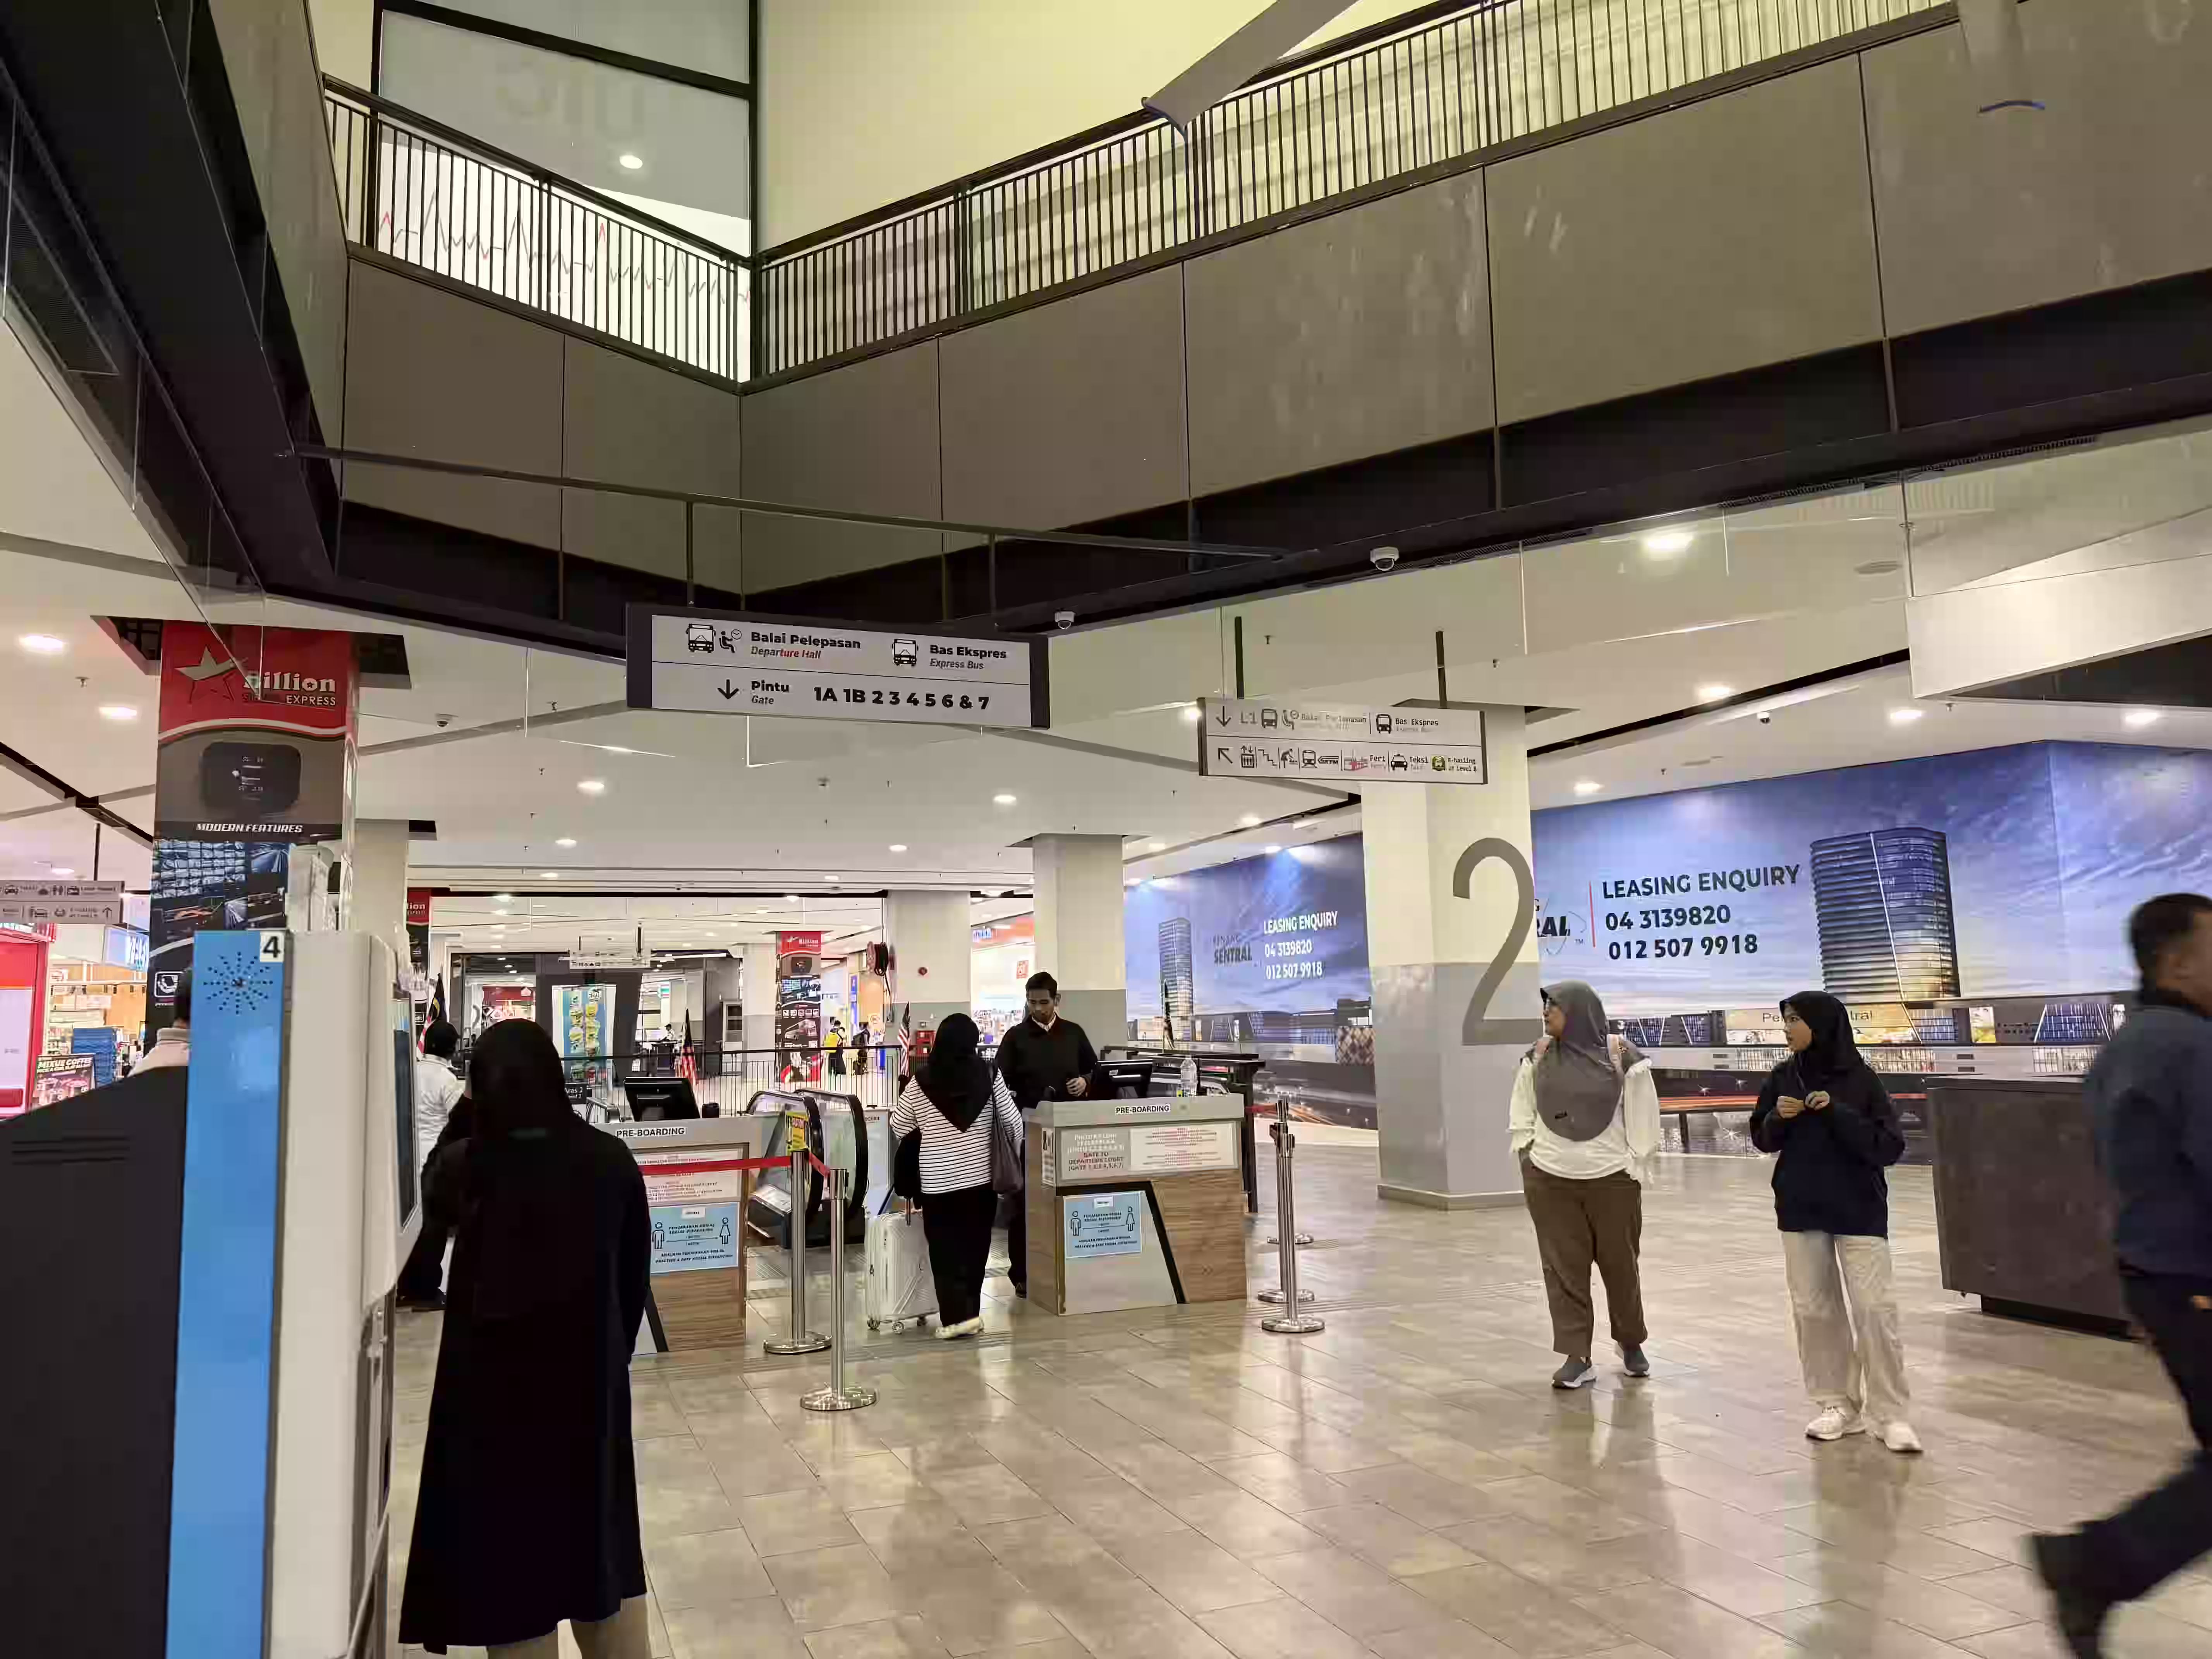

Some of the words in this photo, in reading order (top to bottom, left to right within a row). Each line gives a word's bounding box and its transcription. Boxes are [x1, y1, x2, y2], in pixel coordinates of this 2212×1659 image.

[751, 632, 786, 644] Balai
[790, 635, 862, 648] Pelepasan
[751, 646, 799, 657] Departure
[802, 649, 821, 659] Hall
[930, 645, 953, 654] Bas
[957, 646, 1007, 659] Ekspres
[930, 658, 965, 669] Express
[967, 661, 985, 670] Bus
[751, 680, 790, 692] Pintu
[287, 695, 336, 706] EXPRESS
[751, 695, 774, 704] Gate
[814, 687, 838, 702] 1A
[843, 689, 866, 703] 1B
[872, 690, 883, 704] 2
[890, 691, 900, 705] 3
[907, 693, 919, 706] 4
[926, 693, 936, 707] 5
[942, 694, 953, 708] 6
[960, 695, 972, 709] &
[978, 696, 989, 709] 7
[1412, 718, 1438, 728] Ekspres
[196, 823, 244, 832] MODERN
[246, 824, 304, 833] FEATURES
[1602, 874, 1691, 899] LEASING
[1698, 864, 1800, 892] ENQUIRY
[1264, 916, 1297, 934] LEASING
[1299, 911, 1338, 931] ENQUIRY
[1606, 912, 1633, 930] 04
[1640, 905, 1731, 929] 3139820
[263, 936, 281, 957] 4
[1277, 938, 1312, 957] 3139820
[1453, 837, 1543, 1046] 2
[1609, 941, 1647, 959] 012
[1655, 937, 1693, 958] 507
[1701, 934, 1758, 955] 9918
[1266, 964, 1281, 979] 012
[1283, 963, 1298, 978] 507
[1300, 961, 1323, 977] 9918
[1116, 1105, 1170, 1113] PRE-BOARDING
[617, 1128, 685, 1137] PRE-BOARDING

* [What you will do] Leave out the pictures and set down everything else in the entries above exactly.

* [Response box]
Some of the words in this photo, in reading order (top to bottom, left to right within a row). Each line gives a word's bounding box and its transcription. Boxes are [x1, y1, x2, y2], in pixel coordinates of this 2212×1659 image.

[751, 632, 786, 644] Balai
[790, 635, 862, 648] Pelepasan
[751, 646, 799, 657] Departure
[802, 649, 821, 659] Hall
[930, 645, 953, 654] Bas
[957, 646, 1007, 659] Ekspres
[930, 658, 965, 669] Express
[967, 661, 985, 670] Bus
[751, 680, 790, 692] Pintu
[287, 695, 336, 706] EXPRESS
[751, 695, 774, 704] Gate
[814, 687, 838, 702] 1A
[843, 689, 866, 703] 1B
[872, 690, 883, 704] 2
[890, 691, 900, 705] 3
[907, 693, 919, 706] 4
[926, 693, 936, 707] 5
[942, 694, 953, 708] 6
[960, 695, 972, 709] &
[978, 696, 989, 709] 7
[1412, 718, 1438, 728] Ekspres
[196, 823, 244, 832] MODERN
[246, 824, 304, 833] FEATURES
[1602, 874, 1691, 899] LEASING
[1698, 864, 1800, 892] ENQUIRY
[1264, 916, 1297, 934] LEASING
[1299, 911, 1338, 931] ENQUIRY
[1606, 912, 1633, 930] 04
[1640, 905, 1731, 929] 3139820
[263, 936, 281, 957] 4
[1277, 938, 1312, 957] 3139820
[1453, 837, 1543, 1046] 2
[1609, 941, 1647, 959] 012
[1655, 937, 1693, 958] 507
[1701, 934, 1758, 955] 9918
[1266, 964, 1281, 979] 012
[1283, 963, 1298, 978] 507
[1300, 961, 1323, 977] 9918
[1116, 1105, 1170, 1113] PRE-BOARDING
[617, 1128, 685, 1137] PRE-BOARDING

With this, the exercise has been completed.